Try it -> Below are records to give again exactly; omit each image they contain.

Stored data ->
○ ○ ○ ○

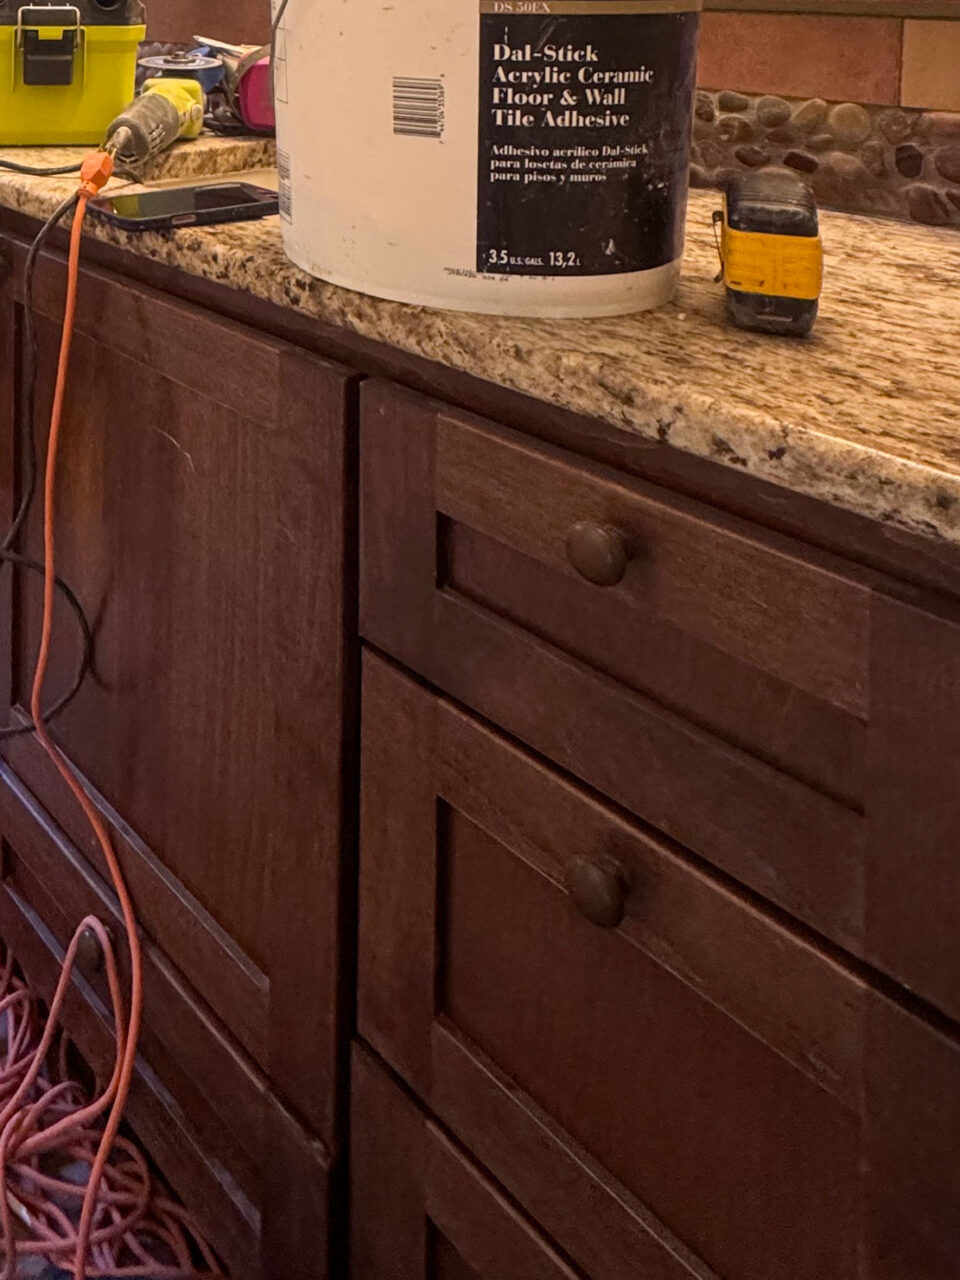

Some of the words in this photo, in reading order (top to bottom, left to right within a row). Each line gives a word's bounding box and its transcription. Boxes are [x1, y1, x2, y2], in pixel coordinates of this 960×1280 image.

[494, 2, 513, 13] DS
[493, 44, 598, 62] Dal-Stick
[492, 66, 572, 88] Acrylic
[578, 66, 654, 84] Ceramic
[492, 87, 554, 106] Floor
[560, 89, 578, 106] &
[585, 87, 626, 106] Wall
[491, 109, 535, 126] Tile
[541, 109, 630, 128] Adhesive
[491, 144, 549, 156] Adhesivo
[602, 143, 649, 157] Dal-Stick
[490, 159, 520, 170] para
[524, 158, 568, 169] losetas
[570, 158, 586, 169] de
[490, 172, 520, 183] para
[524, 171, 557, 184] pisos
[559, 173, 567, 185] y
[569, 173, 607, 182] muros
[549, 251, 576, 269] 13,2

○ ○ ○ ○

Solution ->
Some of the words in this photo, in reading order (top to bottom, left to right within a row). Each line gives a word's bounding box and its transcription. Boxes are [x1, y1, x2, y2], in pixel coordinates of this 960×1280 image.

[494, 2, 513, 13] DS
[493, 44, 598, 62] Dal-Stick
[492, 66, 572, 88] Acrylic
[578, 66, 654, 84] Ceramic
[492, 87, 554, 106] Floor
[560, 89, 578, 106] &
[585, 87, 626, 106] Wall
[491, 109, 535, 126] Tile
[541, 109, 630, 128] Adhesive
[491, 144, 549, 156] Adhesivo
[602, 143, 649, 157] Dal-Stick
[490, 159, 520, 170] para
[524, 158, 568, 169] losetas
[570, 158, 586, 169] de
[490, 172, 520, 183] para
[524, 171, 557, 184] pisos
[559, 173, 567, 185] y
[569, 173, 607, 182] muros
[549, 251, 576, 269] 13,2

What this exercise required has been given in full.